Considering the enormous variety of brands, prices and offers that the electric guitar string industry has to offer, choosing the right model can be confusing. To make your choice easier, here are a few important things to consider:
Gauge: This refers to the thickness of each string. The most popular and the one you should choose in case of doubt is .010-.046, corresponding to the average size. The figure .010 refers to the thinnest caliber, that of string 1, while .046 is the widest or string 6. Another very popular size is the light, whose measures are .009-.042. These strings being narrower require less effort and are more optimal for bendings. If your playing is smooth and fast, or you play many hours a day, these are definitely your strings. Now, less tension means that the sound has less presence and the pitch less stable. Exactly the opposite of the latter is the third choice of strings that we want to highlight. The strings with caliber .011-.048 correspond to the heavy size. They are harder and more difficult to stripe, but also more resistant and allow tearing with force. Due to their thickness, the resulting tone is lower and more powerful. Beyond these three measures, there are options and combinations for all tastes. The best thickness will always be the one that fits your sound and playing style. This would be our recommendation:
- Light: Suitable for solos, fingerpicks or bendings. They are also recommended for vintage guitars because they exert less pressure on the neck.
- Medium: This is the most versatile thickness. For guitarists who combine playing plectrum or finger, chords and solos.
- Heavy: For guitarists who like to strum strong chords. They are more resistant and support greater tension. Ideal for jazz or acoustic playing because they have more volume and sustain.
Materials: Electric guitar strings usually consist of a steel cable, which can be twisted or untwisted (wound or unwound).
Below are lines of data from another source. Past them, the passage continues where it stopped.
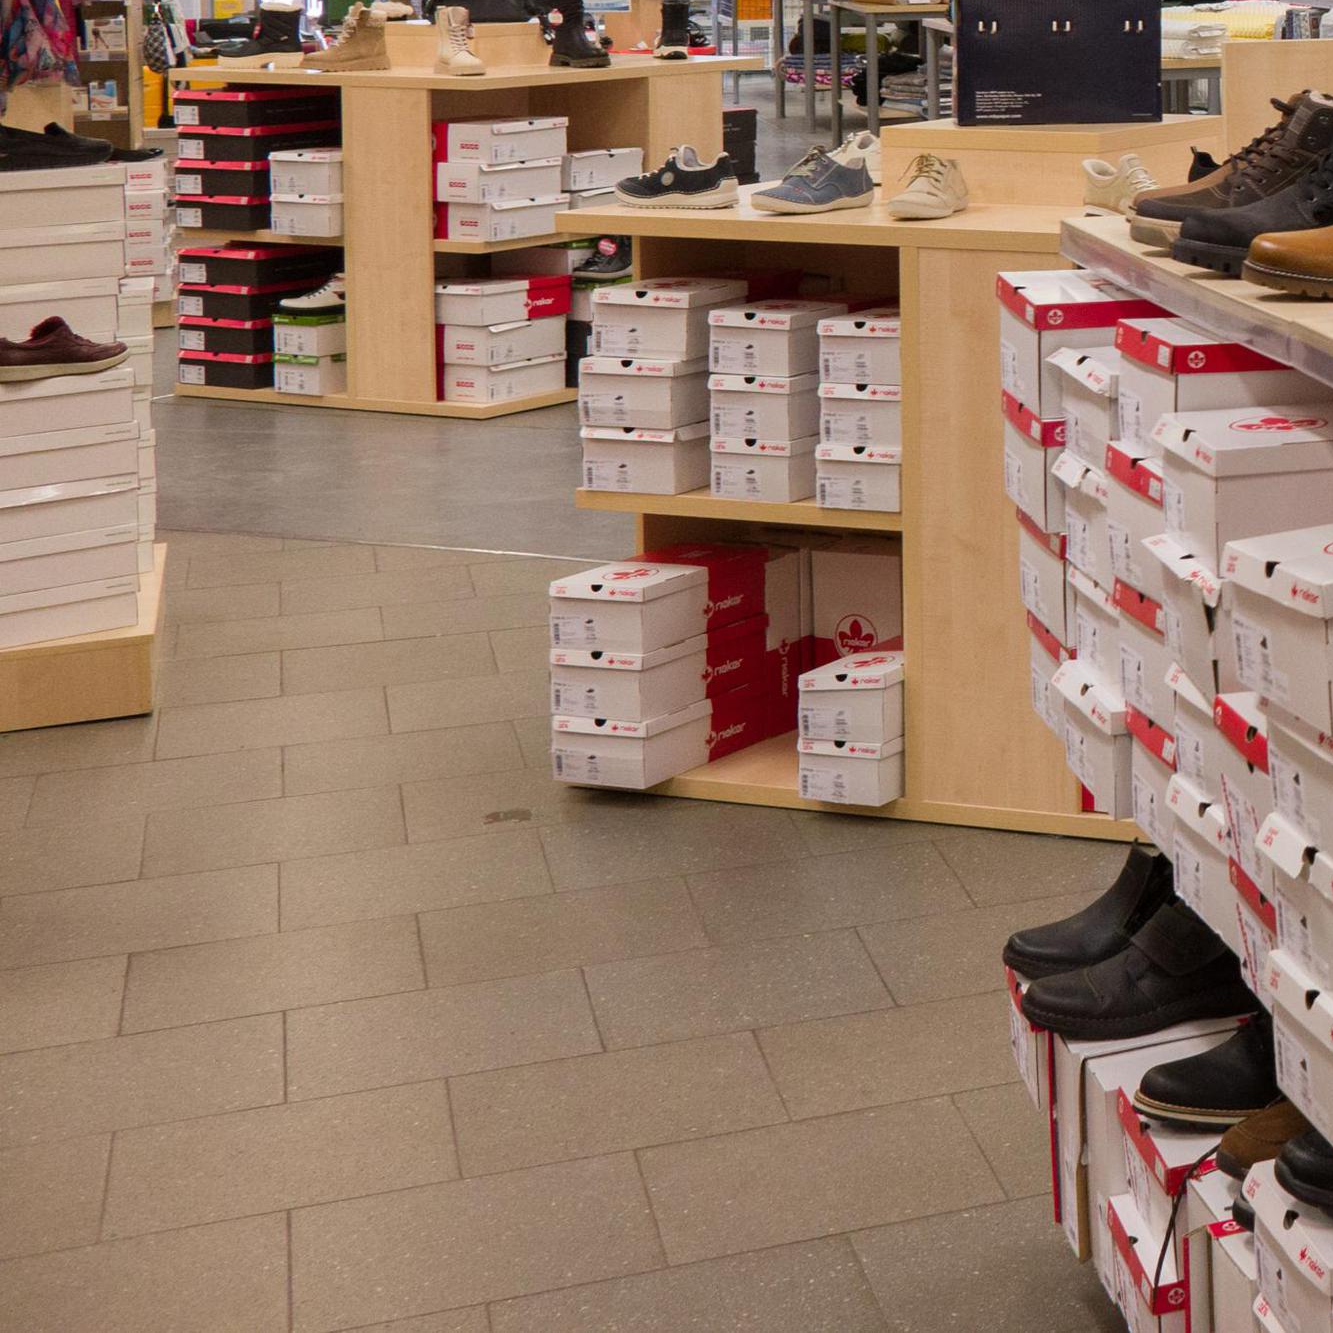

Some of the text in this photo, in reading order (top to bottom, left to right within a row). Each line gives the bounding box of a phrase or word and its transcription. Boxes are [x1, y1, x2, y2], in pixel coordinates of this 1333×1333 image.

[531, 297, 555, 307] rieker
[714, 594, 744, 612] rieker
[843, 638, 871, 648] rieker
[713, 658, 744, 676] rieker
[716, 722, 746, 740] rieker
The big difference between some strings and others lies precisely in the coating. The most popular is nickel-plated, which provides a good combination of warmth and brightness. Pure nickel is also very appreciated for being warmer and with a more vintage tone. The stainless steel ones are more resistant and offer more sustain. There are other materials such as cobalt, copper or chrome, but much less common.
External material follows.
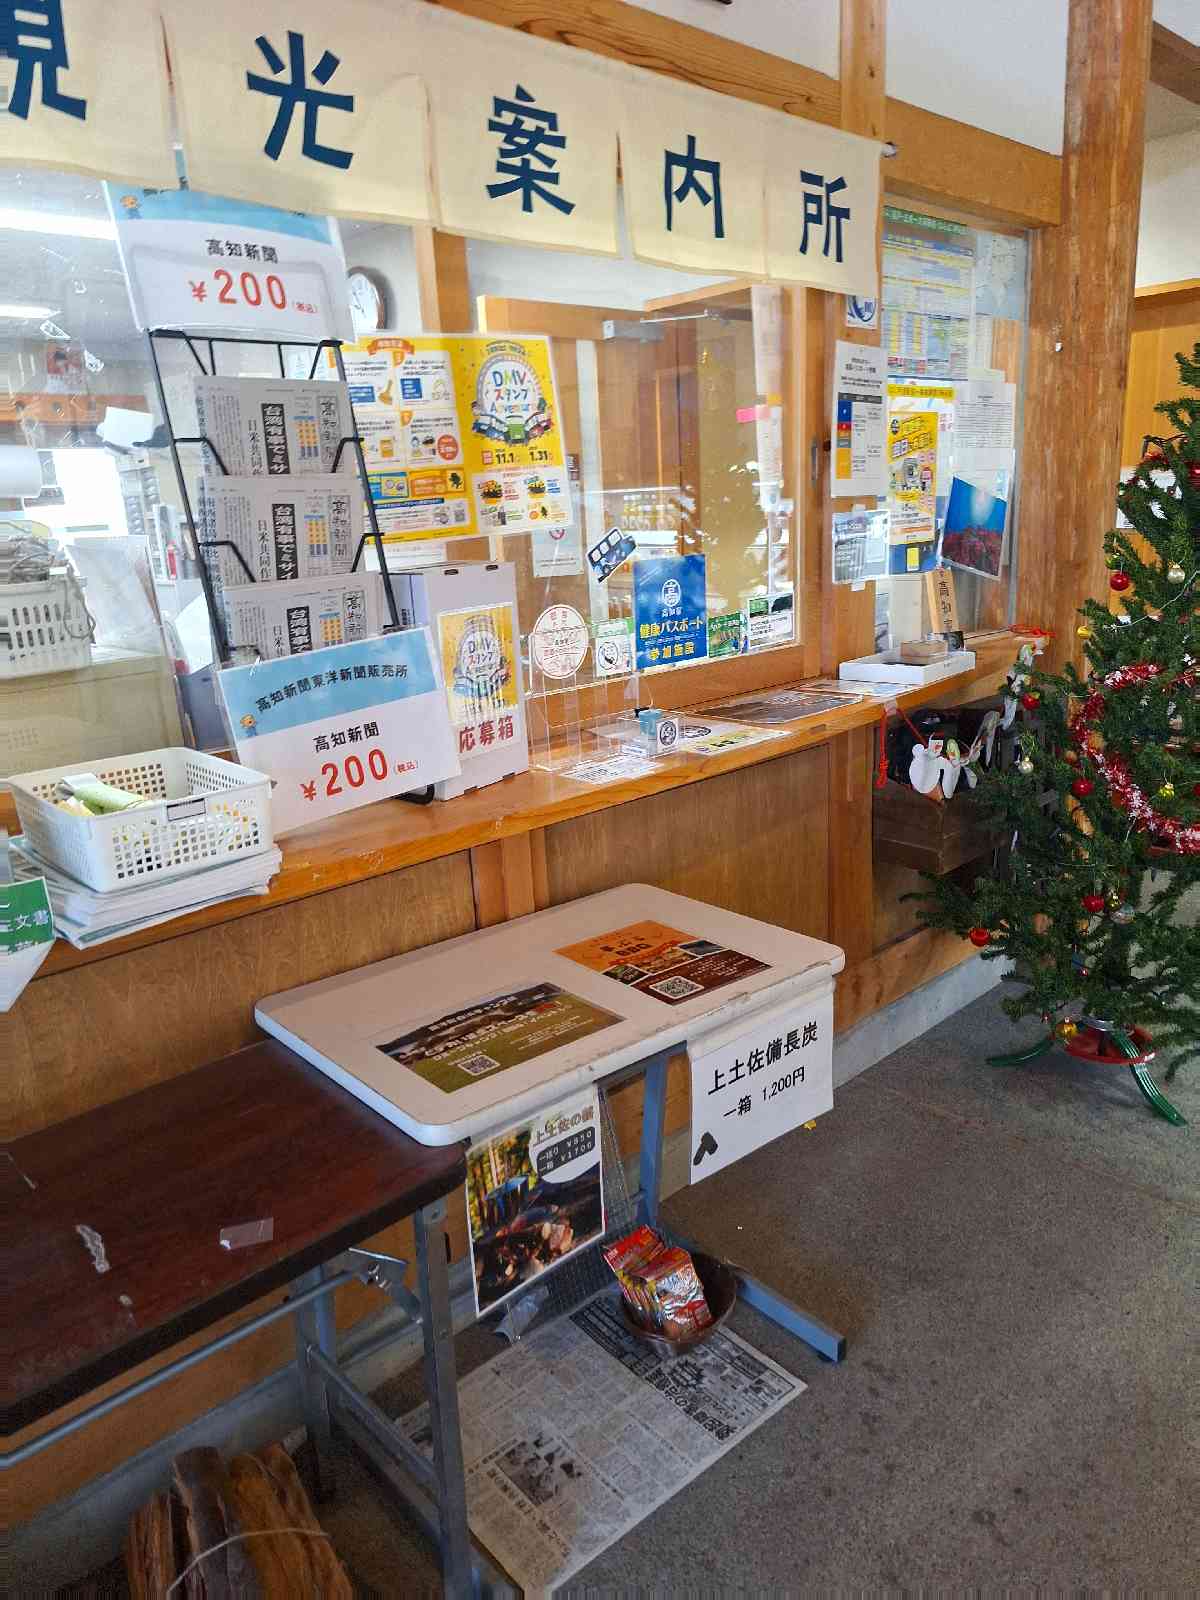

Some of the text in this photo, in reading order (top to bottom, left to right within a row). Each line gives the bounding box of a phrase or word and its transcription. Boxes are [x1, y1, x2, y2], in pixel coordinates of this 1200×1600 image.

Winding types: Roundwound strings are the most standard and consist of a circular cable wound over the core. They are the cheapest and most popular electric guitar strings. Flatwound strings, on the other hand, have a flat ribbon wrapper. The difference between the two is the rougher feel of the roundwound, and smoother on the polished surface of the flatwound. In terms of sound, the flatwounds offer a warmer, melodic and softer timbre, ideal for jazz. Round-twisted ones have a brighter, more aggressive tone. Their sound is more defined and therefore the noises of the fingers are more pronounced when playing. The most common in rock and blues.
Core: Finally, the core of strings 4, 5 and 6 can have a circular or hexagonal shape to obtain a greater fixation of the winding and prevent the winding from slipping. The hexagonal section adds more brightness to the sound due to the empty space created between the core and the external twist. Although invented by D'Addario, the hexagonal core has become a standard for almost all manufacturers. The round core provides a warmer, vintage tone.
Coating: In order to increase the durability of the ropes, manufacturers such as Elixir have opted to coat their ropes (coating) to prevent dirt accumulation and corrosion of the ropes. These ones are a little more expensive but they assure a greater resistance and a prolongation of the tuning of your electric guitar. They also have a softer feel and squeak less. In spite of their advantages, their detractors affirm that with the coating you lose brightness and sustain.
As we can see, buying electric guitar strings depends on the factors we want to prioritize, be it durability, brightness or softness. However, the best strings will always be the ones that best fit our way of playing, and the personal choice depends solely on the musical perception of each guitarist. We recommend that you try and experiment with each of them to find the ones that best suit your own sound.